Le Canada produit 4 millions de barils de pétrole par jour, dont 75 % pour les Etats-Unis, « notre premier client mais aussi notre premier concurrent », observe Tim McMillan, PDG de l’Association canadienne des producteurs de pétrole et de gaz naturel. La production américaine est en forte hausse et les exportations vers le Canada également. Keystone XL offrirait une voie royale pour écouler plus de pétrole vers le sud, mais les compagnies canadiennes veulent aussi profiter de la manne d’une hausse de la demande mondiale en énergie, dont un quart en pétrole. L’Agence internationale de l’énergie l’estime à 31 % d’ici à 2040, rappelle M. McMillan. L’Inde et la Chine vont devenir les premiers importateurs de pétrole, avec une augmentation de la demande de plus de 11 millions de barils par jour d’ici à 2040. Or, constate-t-il, le Canada exporte « zéro baril » sur ces deux marchés.

Avec les troisièmes plus importantes réserves de pétrole au monde, derrière l’Arabie saoudite et le Venezuela, le pays aspire à devenir l’un des premiers fournisseurs mondiaux d’énergie. Condition : sortir du carcan actuel de la congestion de ses infrastructures de transport. Une « urgence », clame M. McMillan. Les oléoducs canadiens fonctionnent presque à pleine capacité et le secteur pétrolier vise une production de 850 000 barils de plus par jour d’ici à 2021, puis encore 700 000 barils de plus entre 2021 et 2030, en majorité dans les sables bitumineux.

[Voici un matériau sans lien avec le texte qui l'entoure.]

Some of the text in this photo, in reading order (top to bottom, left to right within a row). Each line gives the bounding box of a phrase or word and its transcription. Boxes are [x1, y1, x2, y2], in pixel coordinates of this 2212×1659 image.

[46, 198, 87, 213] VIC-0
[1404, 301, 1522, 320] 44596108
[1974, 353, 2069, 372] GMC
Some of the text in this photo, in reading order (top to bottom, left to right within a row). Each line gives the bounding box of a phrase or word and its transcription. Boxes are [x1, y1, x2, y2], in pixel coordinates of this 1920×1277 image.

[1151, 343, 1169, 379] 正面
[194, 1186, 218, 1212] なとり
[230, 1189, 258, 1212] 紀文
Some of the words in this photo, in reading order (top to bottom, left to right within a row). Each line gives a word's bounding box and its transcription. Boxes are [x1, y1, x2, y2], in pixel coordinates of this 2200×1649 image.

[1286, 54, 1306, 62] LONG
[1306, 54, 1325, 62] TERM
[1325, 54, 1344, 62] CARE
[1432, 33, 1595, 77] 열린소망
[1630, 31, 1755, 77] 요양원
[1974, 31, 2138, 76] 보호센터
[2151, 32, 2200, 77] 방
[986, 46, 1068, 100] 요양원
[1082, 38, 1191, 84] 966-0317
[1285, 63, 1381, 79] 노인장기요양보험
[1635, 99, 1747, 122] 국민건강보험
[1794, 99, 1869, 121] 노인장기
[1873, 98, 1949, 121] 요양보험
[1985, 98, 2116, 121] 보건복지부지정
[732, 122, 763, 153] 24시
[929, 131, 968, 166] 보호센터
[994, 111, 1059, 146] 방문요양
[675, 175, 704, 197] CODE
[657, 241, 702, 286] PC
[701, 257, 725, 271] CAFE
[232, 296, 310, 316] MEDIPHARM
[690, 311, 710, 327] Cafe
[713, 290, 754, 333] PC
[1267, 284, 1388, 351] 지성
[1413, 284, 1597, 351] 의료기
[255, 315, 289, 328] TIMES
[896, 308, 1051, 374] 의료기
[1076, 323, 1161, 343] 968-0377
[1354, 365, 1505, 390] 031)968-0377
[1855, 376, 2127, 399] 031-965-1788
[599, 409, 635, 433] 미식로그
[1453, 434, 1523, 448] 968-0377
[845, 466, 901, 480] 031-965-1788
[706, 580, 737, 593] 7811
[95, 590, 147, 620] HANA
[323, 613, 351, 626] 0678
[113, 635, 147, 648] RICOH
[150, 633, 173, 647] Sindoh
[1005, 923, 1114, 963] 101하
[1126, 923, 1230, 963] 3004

En plus de rencontrer de fortes oppositions locales à ses projets d’oléoducs, l’industrie doit cependant se plier à de nouvelles règles. Le gouvernement canadien a annoncé pour 2018 l’instauration d’une taxe carbone nationale. L’Alberta dispose, depuis le 1er janvier, de sa propre taxe carbone et d’un plafond de 100 mégatonnes par an pour les émissions du secteur des sables bitumineux, lesquelles atteignent déjà 70 mégatonnes par an.

Les compagnies pétrolières insistent toujours de leur côté sur leur faible responsabilité dans les émissions nationales de gaz à effet de serre, avec un nouvel axe de promotion : celle d’un « baril de pétrole carboneutre ». M. McMillan rappelle que les sables bitumineux comptent pour 9,3 % des émissions de GES au Canada, soit 0,18 % au niveau mondial, alors que d’autres calculent que la hausse de la production de pétrole fera grimper à 31 % d’ici à 2030 la part du secteur pétrole-gaz dans les émissions canadiennes.

« Baril carboneutre »

L’industrie montre tout de même un intérêt nouveau à innover pour rendre sa production plus propre et en faire « un avantage compétitif à long terme ». M. McMillan admet que le monde évolue vers une économie « faible en carbone » et que le temps est venu de trouver comment « extraire le carbone du baril » et produire un « baril carboneutre de pétrole issu des sables bitumineux ».

Le train est selon lui bien en marche, notamment grâce au COSIA, un regroupement des 13 principales compagnies œuvrant dans les sables bitumineux qui a pour mandat de promouvoir l’innovation pour réduire leurs émissions de GES. Ils ont déjà investi plus de 1,3 milliard de dollars et mis en commun 936 technologies et innovations mais cette « vitrine » verte a peu de chance de faire passer la pilule d’une forte croissance de la production d’or noir auprès de ceux qui la dénoncent.